## Instructions for the task
Once the line containing "Some of the words" is found, copy that line and all remaining lines of the records exactly, including the last one, and add nothing.

## Available data
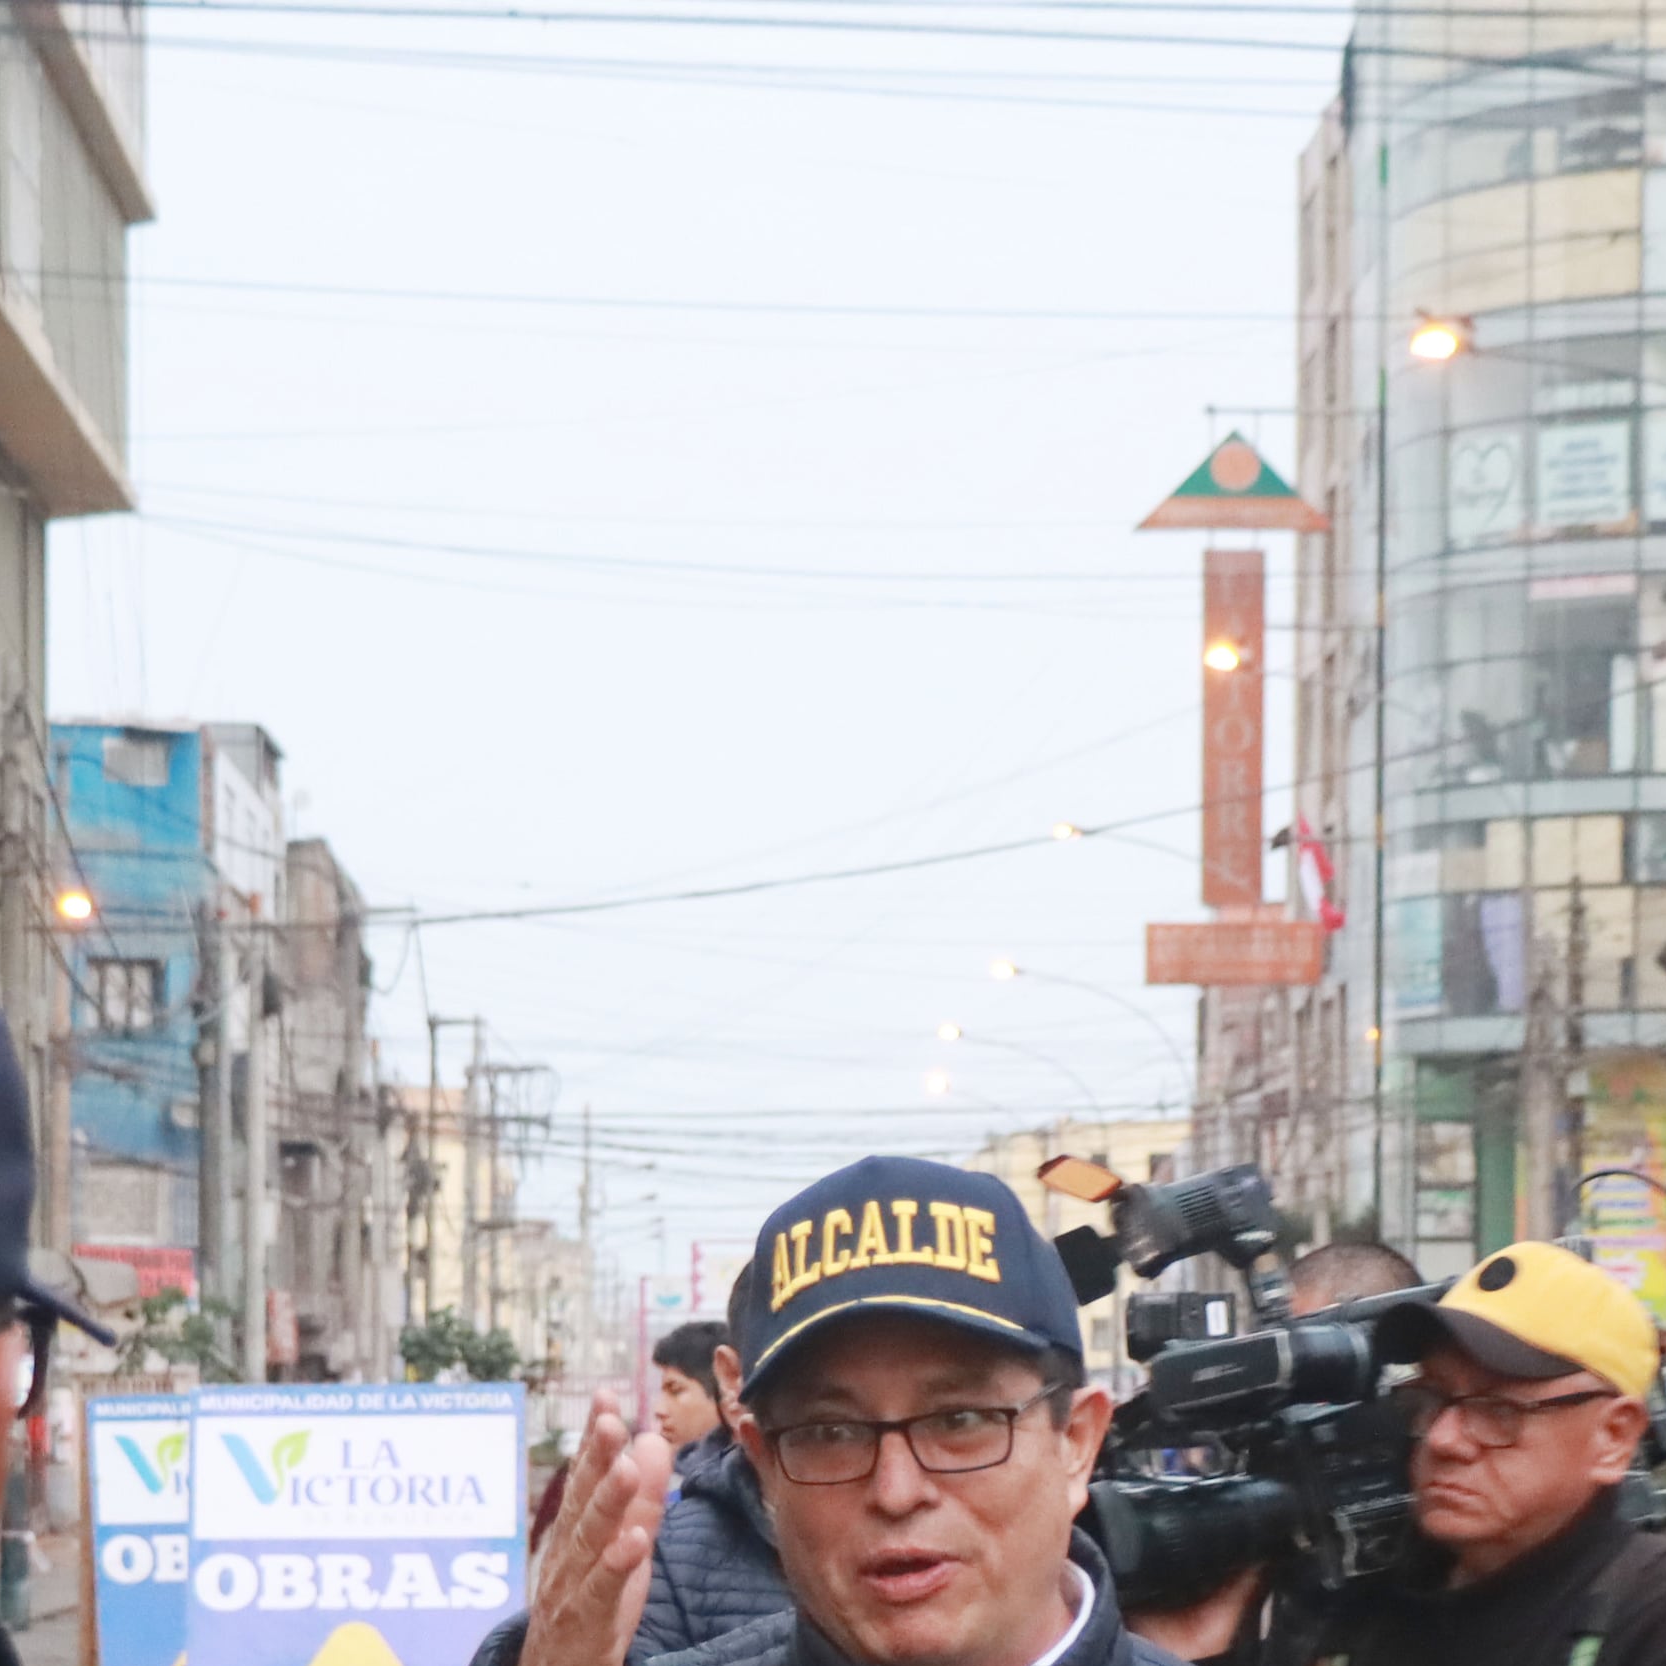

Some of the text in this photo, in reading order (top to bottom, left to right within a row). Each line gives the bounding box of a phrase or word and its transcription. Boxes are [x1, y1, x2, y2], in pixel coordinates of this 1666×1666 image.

[771, 1199, 1001, 1313] ALCALDE
[199, 1390, 515, 1411] MUNICIPALIDAD DE LA VICTORIA
[341, 1438, 402, 1470] LA
[194, 1551, 511, 1613] OBRAS
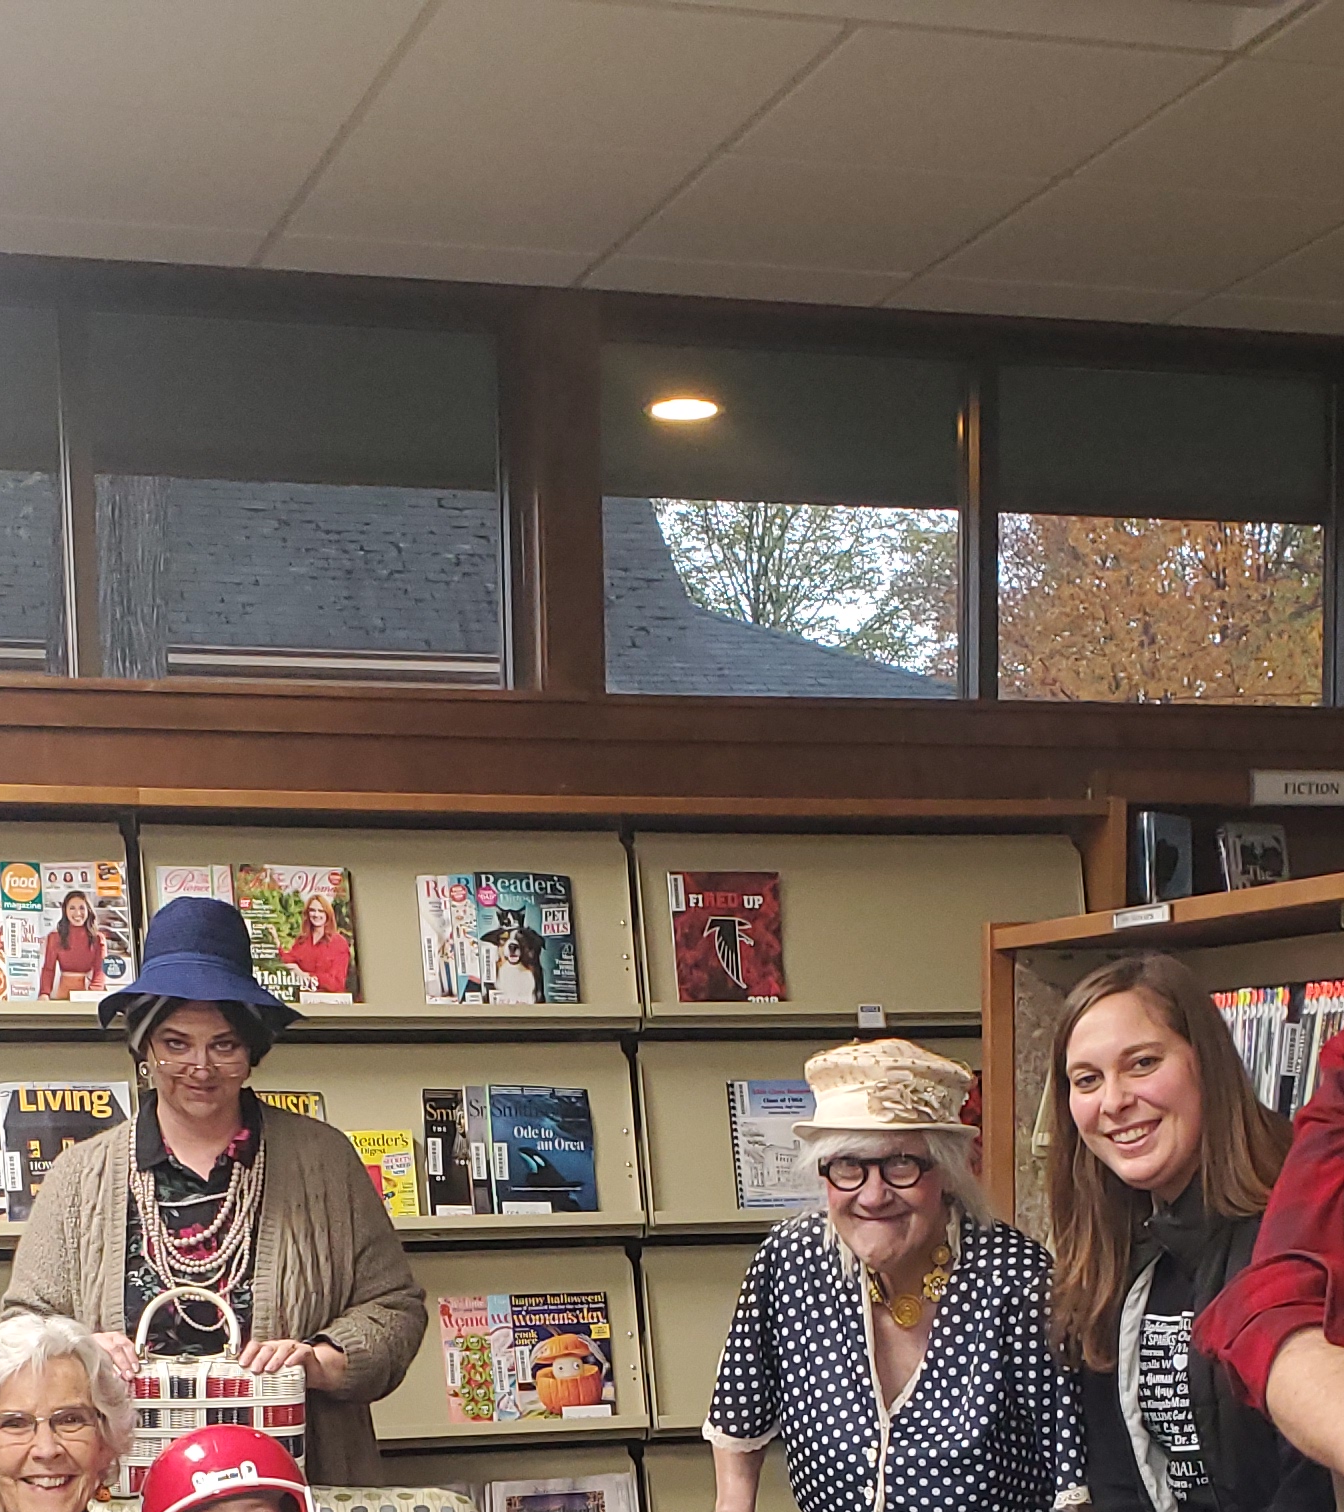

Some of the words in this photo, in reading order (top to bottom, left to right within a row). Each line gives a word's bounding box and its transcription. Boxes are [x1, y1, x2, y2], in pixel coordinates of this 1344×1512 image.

[1284, 782, 1340, 796] FICTION
[3, 866, 41, 893] food
[481, 873, 567, 896] Reader's
[3, 901, 42, 911] magazine
[743, 895, 764, 909] UP
[544, 909, 567, 922] PET
[543, 923, 569, 935] PALS
[18, 1085, 112, 1119] Living
[513, 1125, 540, 1139] Ode
[541, 1127, 554, 1139] to
[536, 1139, 553, 1151] an
[554, 1138, 585, 1151] Orca
[360, 1147, 387, 1156] Digest
[512, 1295, 545, 1307] happy
[546, 1292, 605, 1305] halloween!
[515, 1329, 538, 1339] cook
[515, 1338, 538, 1346] once
[1174, 1435, 1190, 1445] Dr.

## Expected answer
Some of the words in this photo, in reading order (top to bottom, left to right within a row). Each line gives a word's bounding box and its transcription. Boxes are [x1, y1, x2, y2], in pixel coordinates of this 1344×1512 image.

[1284, 782, 1340, 796] FICTION
[3, 866, 41, 893] food
[481, 873, 567, 896] Reader's
[3, 901, 42, 911] magazine
[743, 895, 764, 909] UP
[544, 909, 567, 922] PET
[543, 923, 569, 935] PALS
[18, 1085, 112, 1119] Living
[513, 1125, 540, 1139] Ode
[541, 1127, 554, 1139] to
[536, 1139, 553, 1151] an
[554, 1138, 585, 1151] Orca
[360, 1147, 387, 1156] Digest
[512, 1295, 545, 1307] happy
[546, 1292, 605, 1305] halloween!
[515, 1329, 538, 1339] cook
[515, 1338, 538, 1346] once
[1174, 1435, 1190, 1445] Dr.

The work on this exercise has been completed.